Leave out the pictures and retype all the entries below exactly.

----

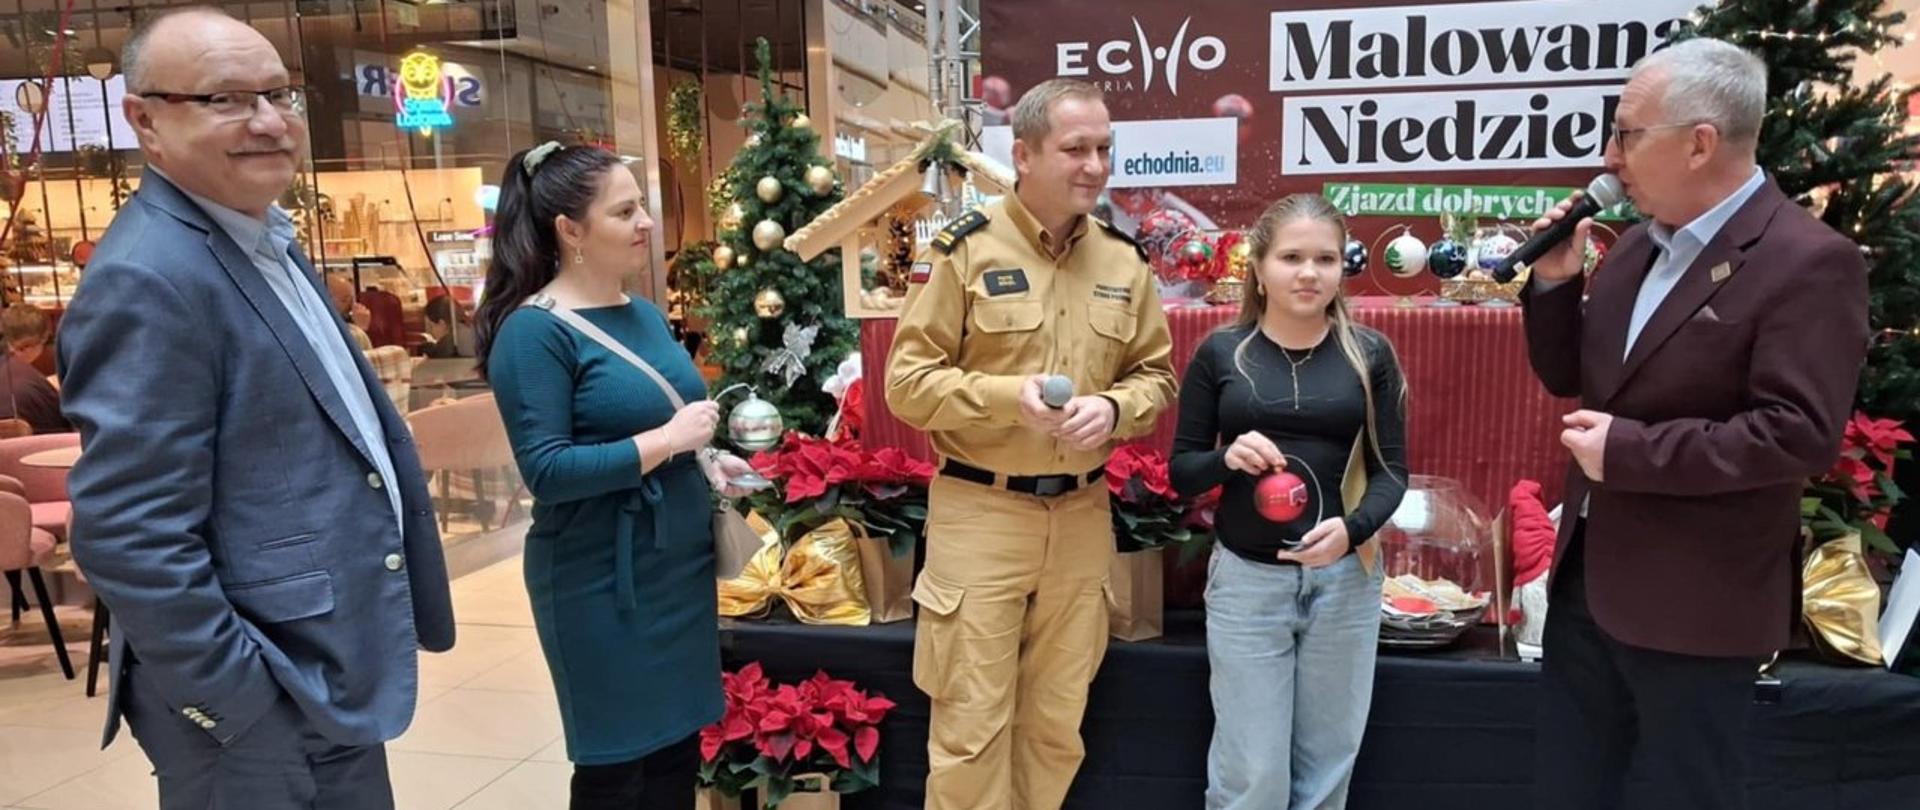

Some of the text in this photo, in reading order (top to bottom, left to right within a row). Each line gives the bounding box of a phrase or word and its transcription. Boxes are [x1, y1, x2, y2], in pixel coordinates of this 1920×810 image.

[1056, 16, 1226, 96] ECHO
[1298, 94, 1621, 166] Niedziel
[1124, 150, 1225, 175] echodnia.eu
[1329, 185, 1555, 220] Zjazd dobrych
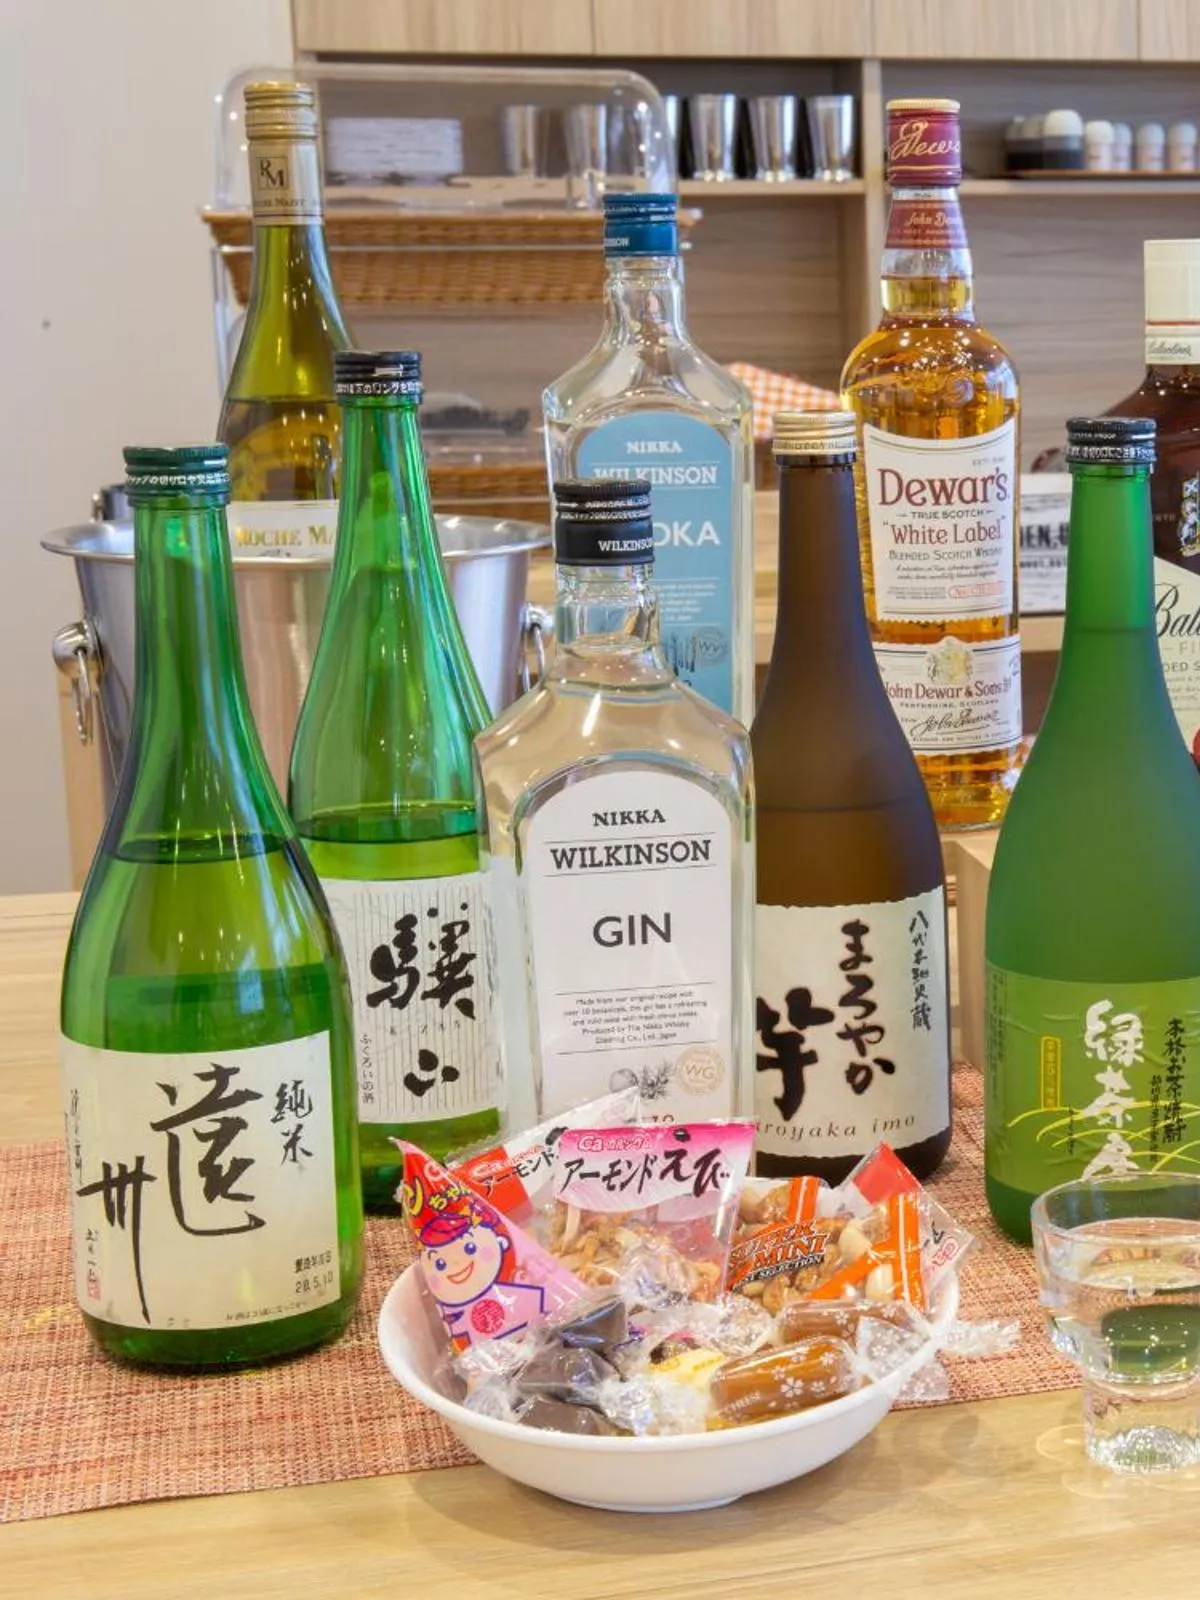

----

= Result of the task =
Some of the text in this photo, in reading order (top to bottom, left to right within a row). Each line gives the bounding box of a phrase or word and its transcription. Boxes are [x1, y1, x2, y2], in pixel coordinates of this 1920×810 image.

[1056, 16, 1226, 96] ECHO
[1298, 94, 1621, 166] Niedziel
[1124, 150, 1225, 175] echodnia.eu
[1329, 185, 1555, 220] Zjazd dobrych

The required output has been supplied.